+1
öncelikle yazacaklarımın hepsinde ciddi olacağım. taşağa alacak olanlar lütfen kendilerini dışarı atsınlar.
24 yaşında antropoloji okumuş fakat 4 senede bitirememiş, 5. senesinde çalışmış ve 6. senesinde evde tüm gün oturarak tezini yazmaya çalışan ve hayatının ilerleyen zamanlarında ne yapması gerektiğini düşünen bir adamım. bu öylesine stresli öylesine yorucu bir iş ki, tezi kastetmiyorum tabi ki, o büyük hayat kararından bahsediyorum.
sorun şu ki kendimi keşfedemediğimi düşünüyorum. herkes gibi ilgi alanlarım ve hobilerim var tabi ki ama bu kendimi keşfetmemde büyük rol oynamıyor ne yazık ki. basketbolu severim, ingilizcemin rahat konuşabildiğimden ve kelime bilgimden dolayı iyi olduğunu düşünürüm ve sinema, film endüstrisi dikkatimi cezbeder. antropolojinin verdiği birikimle insanları, olayları, durumları ve duyguları 360 derece incelemeyi severim. sürekli hale gelen her şeyden sıkılgan bir yapım var. işte kendimle ilgili anlatabileceğim temel öğeler bunlar.

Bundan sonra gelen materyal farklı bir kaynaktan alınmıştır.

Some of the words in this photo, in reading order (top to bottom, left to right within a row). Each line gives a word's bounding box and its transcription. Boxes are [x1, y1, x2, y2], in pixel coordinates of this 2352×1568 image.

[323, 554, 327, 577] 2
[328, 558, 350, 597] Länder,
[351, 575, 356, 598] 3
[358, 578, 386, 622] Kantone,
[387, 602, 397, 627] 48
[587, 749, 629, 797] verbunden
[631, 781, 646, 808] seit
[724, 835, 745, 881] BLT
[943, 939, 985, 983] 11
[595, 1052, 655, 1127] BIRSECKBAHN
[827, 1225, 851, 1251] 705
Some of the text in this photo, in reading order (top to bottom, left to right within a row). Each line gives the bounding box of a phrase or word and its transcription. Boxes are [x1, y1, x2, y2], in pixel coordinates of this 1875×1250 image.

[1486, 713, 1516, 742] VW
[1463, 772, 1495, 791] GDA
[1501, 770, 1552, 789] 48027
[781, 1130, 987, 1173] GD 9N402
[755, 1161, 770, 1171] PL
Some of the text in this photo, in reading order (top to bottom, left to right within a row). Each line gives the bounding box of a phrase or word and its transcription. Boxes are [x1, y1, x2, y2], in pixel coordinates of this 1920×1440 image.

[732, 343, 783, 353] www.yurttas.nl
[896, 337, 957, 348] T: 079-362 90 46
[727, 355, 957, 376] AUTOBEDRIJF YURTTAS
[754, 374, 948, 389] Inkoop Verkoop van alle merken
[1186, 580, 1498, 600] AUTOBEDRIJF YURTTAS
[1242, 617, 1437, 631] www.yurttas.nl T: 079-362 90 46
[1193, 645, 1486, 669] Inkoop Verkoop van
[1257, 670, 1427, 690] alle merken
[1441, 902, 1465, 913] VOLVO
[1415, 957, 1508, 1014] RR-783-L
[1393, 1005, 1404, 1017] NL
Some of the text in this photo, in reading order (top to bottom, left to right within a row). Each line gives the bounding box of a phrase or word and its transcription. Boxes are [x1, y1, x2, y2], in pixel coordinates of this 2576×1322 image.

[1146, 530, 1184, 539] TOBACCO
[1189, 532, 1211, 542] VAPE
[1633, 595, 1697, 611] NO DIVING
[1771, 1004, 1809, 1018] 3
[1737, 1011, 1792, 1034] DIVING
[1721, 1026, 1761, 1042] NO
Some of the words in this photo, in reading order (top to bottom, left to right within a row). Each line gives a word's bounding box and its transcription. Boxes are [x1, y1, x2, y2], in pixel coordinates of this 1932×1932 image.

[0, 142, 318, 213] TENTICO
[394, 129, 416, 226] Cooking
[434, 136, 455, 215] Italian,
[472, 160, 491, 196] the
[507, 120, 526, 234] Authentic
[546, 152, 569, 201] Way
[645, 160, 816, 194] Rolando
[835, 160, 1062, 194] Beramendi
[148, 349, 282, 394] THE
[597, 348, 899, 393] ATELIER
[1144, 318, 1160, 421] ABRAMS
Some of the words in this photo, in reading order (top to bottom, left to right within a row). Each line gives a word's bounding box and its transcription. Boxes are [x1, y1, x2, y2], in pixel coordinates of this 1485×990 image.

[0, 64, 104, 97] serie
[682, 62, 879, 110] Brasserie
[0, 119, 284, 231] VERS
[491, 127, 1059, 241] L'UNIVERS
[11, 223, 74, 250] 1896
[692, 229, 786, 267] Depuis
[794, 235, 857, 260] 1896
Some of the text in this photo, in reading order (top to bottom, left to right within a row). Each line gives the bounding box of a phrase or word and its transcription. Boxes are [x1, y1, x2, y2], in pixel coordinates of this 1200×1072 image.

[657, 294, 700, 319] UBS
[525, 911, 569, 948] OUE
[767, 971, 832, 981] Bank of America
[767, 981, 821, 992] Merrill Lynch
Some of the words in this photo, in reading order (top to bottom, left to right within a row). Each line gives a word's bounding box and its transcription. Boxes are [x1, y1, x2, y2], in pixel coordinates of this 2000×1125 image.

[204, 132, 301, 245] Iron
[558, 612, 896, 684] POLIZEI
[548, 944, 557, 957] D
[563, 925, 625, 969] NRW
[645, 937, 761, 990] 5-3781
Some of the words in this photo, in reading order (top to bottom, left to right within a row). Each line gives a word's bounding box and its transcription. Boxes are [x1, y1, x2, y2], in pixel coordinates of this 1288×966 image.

şu an hayatım tak gibi desem yeridir. 3,5 senelik ilişkim biteli 6 ay oldu, yalnızlığa alışamadım. sürekli sinir stres ve düşünmekten saçlarım dökülmeye başladı. 84 kiloydum 75 e indim hiçbir tak yapmadan. tüm konsantrasyonumu kendimi tanımaya verdim. ailemle aram bozuk. kpss'ye gir memur ol baskısı geliyor sık sık eminim bir çoğunuz bunu yaşamıştır. istanbul'dan bir anda ayrılıp izmir'e kardeşimin yanına taşındım. evin her şeyiyle o ilgileniyor. kendimi sığıntı gibi hissediyorum bir abi olarak. anlayacağınız hayatımın en güzel zamanlarından biri olması gereken bu 24 yaşım, aslında en büyük acıları çektiğim yıllar oluyor.
ciddi anlamda pgiboloğa gidip derdimi anlatsam bana yardımcı olabilir mi hiç bilmiyorum. onların derdi dert dinlemek. derdim anlatılarak çözülecek bir şey değil gibi. bir çok meslek yaptım ve hiçbirini sevmedim. sevemedim. yapacağım mesleğin sıkılmadan ve faydalı olarak yapmak istediğim bir şey olduğunu düşünüyorum. değişkenlik olmalı ve sevdiğim şeylerden biraz biraz olmalı içinde. bu çalışma hayatı denilen ve ömrümü harcayacağım taktan yola girerken inanın çok yalnızım dostlar. karar veremiyorum. en kötü karar kararsızlıktan iyidir derler ya hani, o kötü kararı bile veremiyorum. acizim. zayıf düştüm. normalde şen şakrak, hızlı cevap, esprili, kadınlarla konuşmada sıkıntısı olmayan ben, ruhumun dibinde hapsoldum. bana yardım edebilir misiniz bilmiyorum ama sonuçta burası bir çok kişinin girdiği, bir ortak akla sahip bir mekan.
benim gibi olanlar vardır aranızda diye tahmin ediyorum. benim yaş aralığımdakiler eminim okuduklarında bu yazıyı hayatlarından bir şeyler yakalayacaklar çünkü genel bir konu aslında özel bir tarafı yok.
gel gelelim danışmak istediğim şeye: öncelikle bir insan kendini nasıl tanır? bir insan bilimcisi olarak bu sorunun cevabını bulamamış bir adamım söküğünü dikemeyen terzi gibi. aklınıza herhangi bir şey gelirse lütfen yazın.
ikincisi, üstte de dediğim gibi, sinema ve film sektörünü çok seviyorum. izlemek zaten büyük keyif. babamın kuzeninin kocası ünlü bir yönetmen. bu adam geçenlerde bana kendine asistan aradığını söyledi. ne kadar ciddiydi bilmiyorum lakin izmir'de olduğumdan kabul etmedim. eğer kabul edersem istanbul'a taşınmam gerekecek. bu büyük bir adım olacak ve bu adımı atıp atmama konusunda kararsızım. fikirlerinizi duymak hoşuma gider.
şimdiden teşekkürler hepinize. umarım birileri okur.